Tonight, my war with Gentoo ended. Although it had proved a worthy opponent over the last few months, I finally had to destroy it, wiping it out in response to its most recent attack.

Of late, Gentoo had been blockading me from my disks, preventing me from accessing any disk not already mounted once it fully booted. Thanks to how my booting process was configured, this prevented me from accessing my boot partition - and I needed update my kernel. But this was not the blow which settled the matter, not by a long shot.

Upon returning home from college today, after a rather long day I might add, I went to boot up this Gentoo machine. And boot up it did - although I noticed that Alsa had failed to load, committing one of the unforgivable transgressions that my operating system can commit against me by breaking audio. But even this was not the action that would prove fatal for Gentoo. . .

Once booted, I logged into to the console (I start in console, not in X). Then I typed that fateful command, startx, and Gentoo committed the worst of transgressions. It failed to start X, giving only the information that no screens had been found, and that the nvidia module had failed to load.

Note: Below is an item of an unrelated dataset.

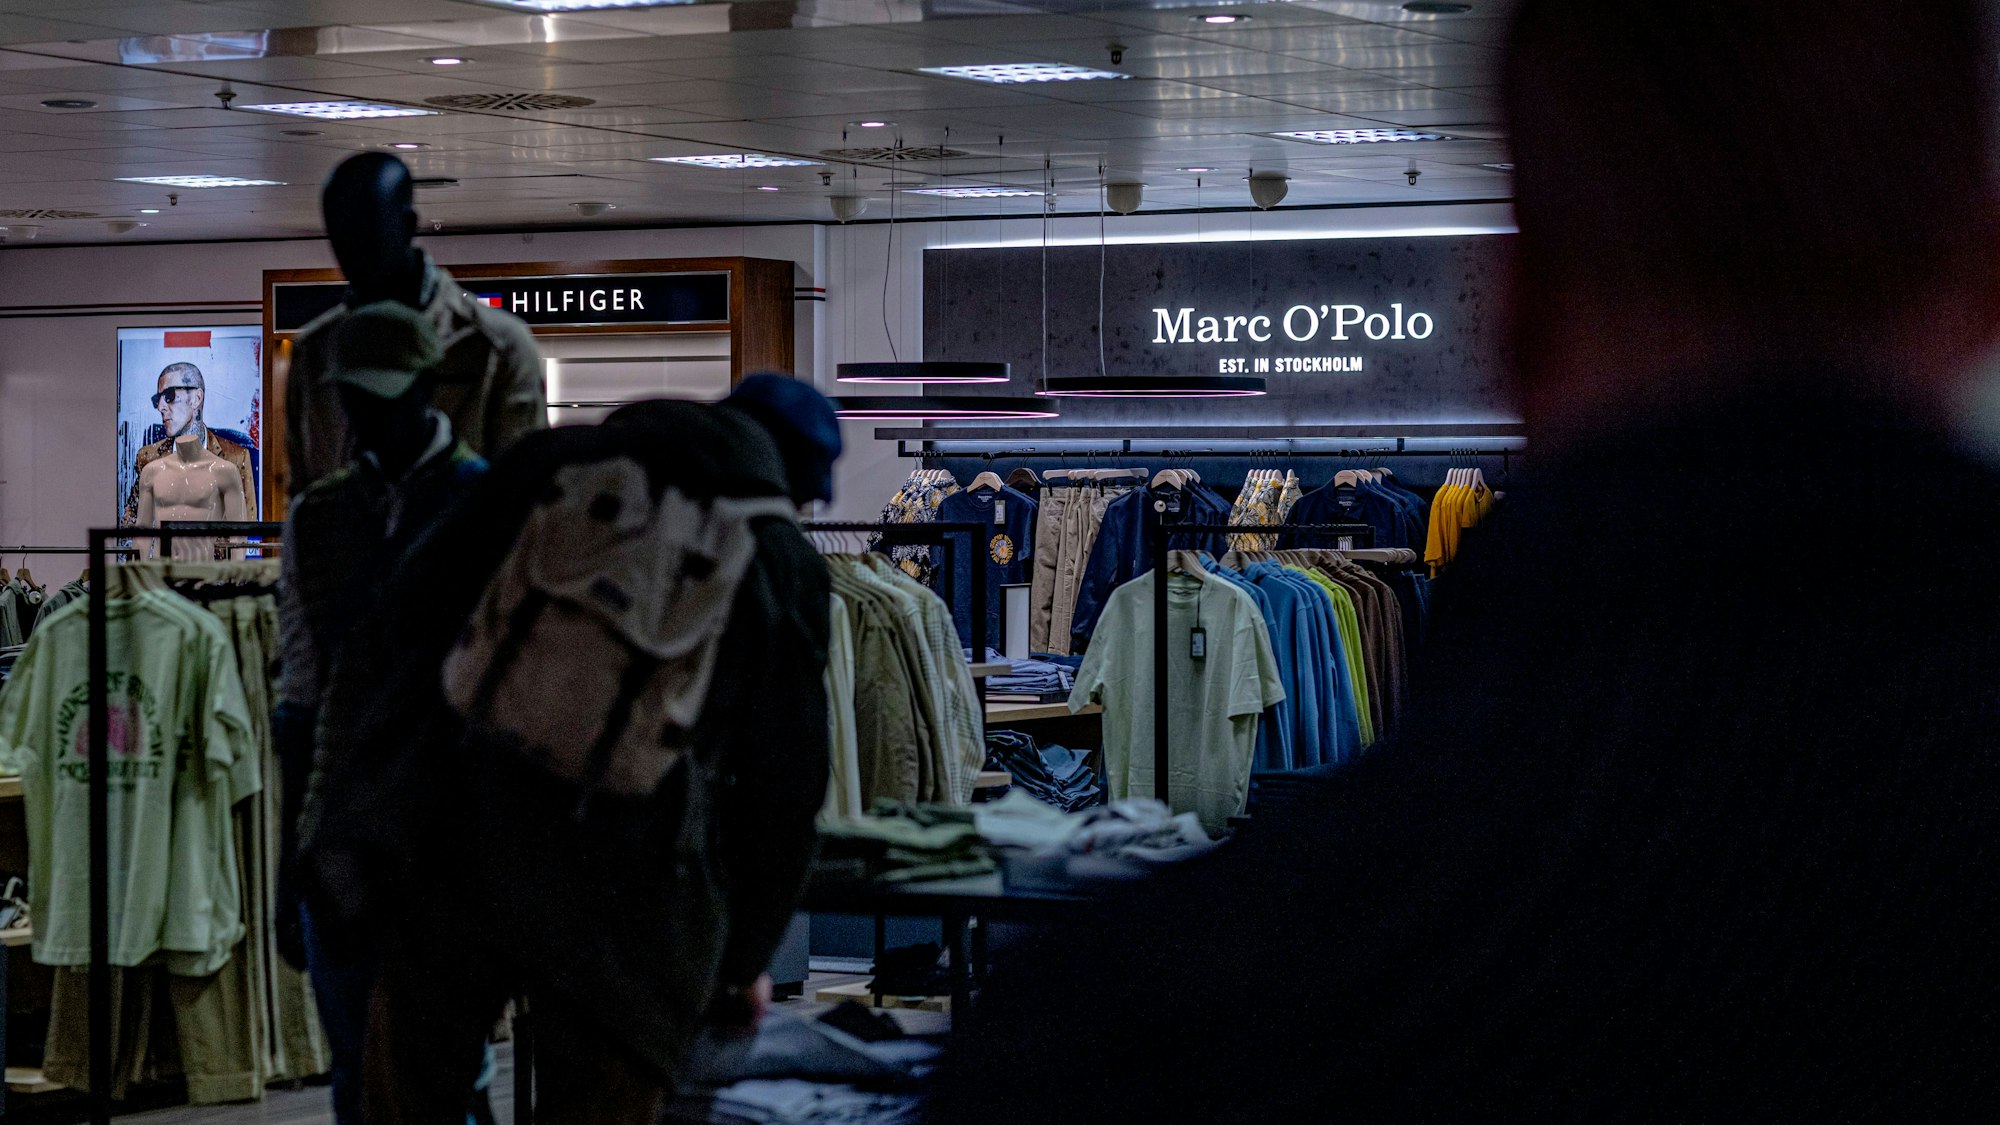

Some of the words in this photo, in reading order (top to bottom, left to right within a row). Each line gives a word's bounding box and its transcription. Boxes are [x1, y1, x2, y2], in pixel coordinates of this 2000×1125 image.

And then I saw it all in a rush, saw the truth behind its actions. It was trying to absorb every second of my free time, taking away from other activities, both related to my classwork and my own personal hobbies. Its refusal to allow me to install new modules by hiding the boot partition from me, the way it wouldn’t detect USB devices for so long, the refusal to let me work with my Ardunio. And now, committing the unspeakable horror, an action that would force me to plumb the Lovecraftian depths of the X Windows system, and I knew that all but one path was closed to me.

It was time to install a new distribution.

So, farewell, you odd little penguin Gentoo. It’s now time to install that jaunty little hat, Fedora. Maybe one day I will return to explore your mysterious ways, but now is not that day.